1920 film by Hal Roach

Get Out and Get Under is a 1920 American silent comedy film directed by Hal Roach and starring Harold Lloyd and Mildred Davis.

The car in the movie, to which Lloyd was alternately devoted or frustrated, appears to be a 1920 Ford Model T.

The film's title may be a reference to the 1913 song, "He'd Have to Get Under – Get Out and Get Under (to lyrics) which was used in the movie.

==Plot==

Get Out and Get Under (1920)

The Boy has a dream in which he learns that his sweetheart is marrying another man that very afternoon. Intending to stop the wedding, The Boy arrives at the church only to see the newly wedded couple emerge. The crestfallen Boy wakes up. He telephones The Girl to make sure he was only dreaming.
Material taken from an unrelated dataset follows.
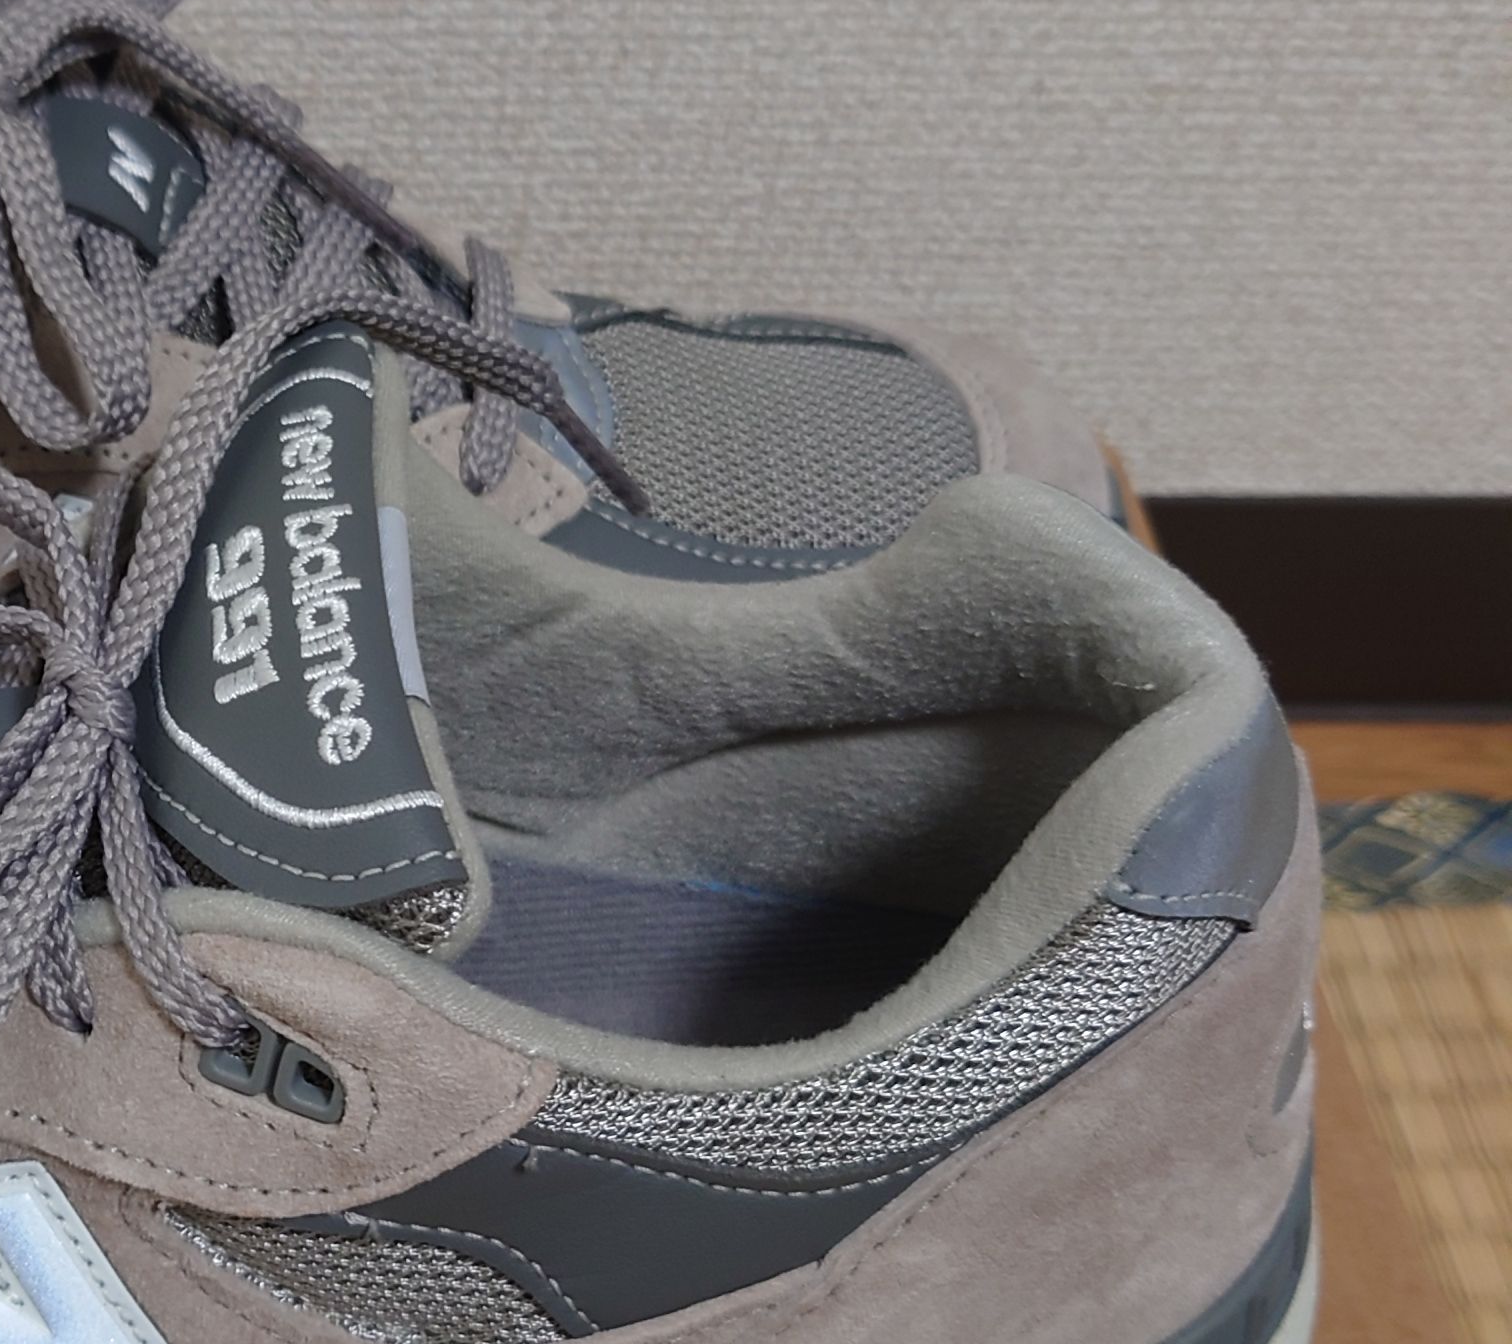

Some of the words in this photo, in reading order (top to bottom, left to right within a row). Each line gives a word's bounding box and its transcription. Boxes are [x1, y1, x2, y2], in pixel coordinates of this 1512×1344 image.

[279, 404, 335, 501] new
[205, 526, 280, 704] 991
[284, 503, 373, 766] balance
The Girl confirms this, but she is upset that The Boy has not yet arrived to play an important role as a masked swordsman at an amateur theatrical that she is producing. The Boy gets his prized automobile from storage and encounters numerous difficulties in trying to get to the theater on time for the performance. With The Boy still absent, The Girl replaces The Boy with another actor. The Boy arrives in costume just as the play concludes, but he comes onto the stage to accept the audience's cheers.

==Cast==
- Harold Lloyd as The Boy
- Mildred Davis as The Girl
- Fred McPherson as The Rival
- Roy Brooks (uncredited)
- William Gillespie as Dope Fiend (uncredited)
- Wallace Howe as Wedding Guest (uncredited)
- Gaylord Lloyd (uncredited)
- Ernie Morrison as Small Boy (uncredited)
- Charles Stevenson (uncredited)
- Frank Terry (uncredited)

==Reception==
CineMagazine rated the film 4 stars.